We considered an observed relationship between readmission and outcome measures significant if it reached Cohen's standard (
10) for a "medium" effect size—a correlation of .3 or more, which would explain 9 percent or more of the shared variance. None of the point biserial and fourfold point correlations between readmission and outcome measures even approached this modest standard. Indeed, most were close to zero, and the largest explained only 2.5 percent of variance. We repeated these analyses for important subpopulations within the sample—those who at baseline were homeless, were unemployed, had a dual diagnosis, were involved in crime, were dependent on alcohol only, were dependent on drugs only, and were dependent on both alcohol and drugs. Again, readmission and outcome measures were essentially independent, and none of the 140 correlations we calculated even approached the standard of a medium effect size.
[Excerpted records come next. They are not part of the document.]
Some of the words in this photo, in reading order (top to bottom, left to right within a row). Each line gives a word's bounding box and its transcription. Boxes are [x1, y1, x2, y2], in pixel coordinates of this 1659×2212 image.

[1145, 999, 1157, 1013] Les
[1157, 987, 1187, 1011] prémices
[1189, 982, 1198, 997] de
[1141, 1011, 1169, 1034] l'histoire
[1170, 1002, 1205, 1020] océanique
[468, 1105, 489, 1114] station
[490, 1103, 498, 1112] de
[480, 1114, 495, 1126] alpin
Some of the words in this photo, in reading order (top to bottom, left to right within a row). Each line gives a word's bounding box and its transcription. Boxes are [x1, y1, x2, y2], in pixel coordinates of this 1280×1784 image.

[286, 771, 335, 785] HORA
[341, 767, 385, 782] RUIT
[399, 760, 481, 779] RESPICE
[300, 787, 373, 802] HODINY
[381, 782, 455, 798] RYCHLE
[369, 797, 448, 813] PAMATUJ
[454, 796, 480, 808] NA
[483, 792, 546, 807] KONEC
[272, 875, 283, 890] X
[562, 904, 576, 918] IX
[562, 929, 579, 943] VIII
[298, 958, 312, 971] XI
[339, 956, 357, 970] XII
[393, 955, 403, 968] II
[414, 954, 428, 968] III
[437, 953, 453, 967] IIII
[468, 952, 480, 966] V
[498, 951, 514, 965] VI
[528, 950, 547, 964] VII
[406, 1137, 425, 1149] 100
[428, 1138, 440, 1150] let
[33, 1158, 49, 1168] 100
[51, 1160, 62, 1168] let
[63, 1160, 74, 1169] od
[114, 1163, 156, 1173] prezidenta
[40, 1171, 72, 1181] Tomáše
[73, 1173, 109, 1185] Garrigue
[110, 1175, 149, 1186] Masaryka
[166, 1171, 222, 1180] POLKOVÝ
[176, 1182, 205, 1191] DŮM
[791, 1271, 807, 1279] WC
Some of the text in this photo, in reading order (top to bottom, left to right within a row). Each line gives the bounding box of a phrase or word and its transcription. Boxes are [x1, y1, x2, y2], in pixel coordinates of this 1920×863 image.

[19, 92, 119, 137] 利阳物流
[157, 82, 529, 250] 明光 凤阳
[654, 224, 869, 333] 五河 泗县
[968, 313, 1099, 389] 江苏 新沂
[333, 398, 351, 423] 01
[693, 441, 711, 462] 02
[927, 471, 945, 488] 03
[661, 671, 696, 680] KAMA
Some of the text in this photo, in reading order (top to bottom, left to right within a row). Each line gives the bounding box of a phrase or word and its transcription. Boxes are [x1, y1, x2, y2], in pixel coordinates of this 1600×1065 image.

In a second set of analyses, the 15 inpatient programs were ranked according to their rates of readmission and adverse patient outcomes. The association between program rankings on readmission with rankings of abstinence, consequences of substance use, psychological distress, and psychiatric symptoms were all small and not statistically significant.
Discussion and conclusions
Readmission to inpatient substance abuse treatment is an inexpensively constructed index of utilization and cost, and it is certainly valuable as such. However, the results of this study indicate that it is essentially independent of one-year patient substance abuse and psychiatric outcomes and therefore should not be used as a substitute for direct assessment of clinical outcome and treatment quality.
The measurement error of readmission—produced by many readmitted patients experiencing good outcomes and many patients who were not readmitted experiencing bad outcomes—was found to be uniformly high. Lack of any observed readmission might indicate not that a patient has had a positive outcome but rather that the patient is incarcerated or is receiving care in a non-VA psychiatric facility. Similarly, rather than indexing poor clinical outcome, readmission might reflect the onset of cold weather, lack of affordable housing, or reductions in VA benefits.
These findings in a sample of substance abuse inpatients echo those of Lyons and colleagues (
7) on readmitted psychiatric patients. Taken together, the two studies indicate that across patient populations readmission is not a valid indicator of clinical outcome or program performance.
Acknowledgments
This work was supported by the Department of Veterans Affairs mental health strategic health care group and health services research and development service. The authors thank John Finney, Ph.D., for his helpful comments on an earlier draft of this paper.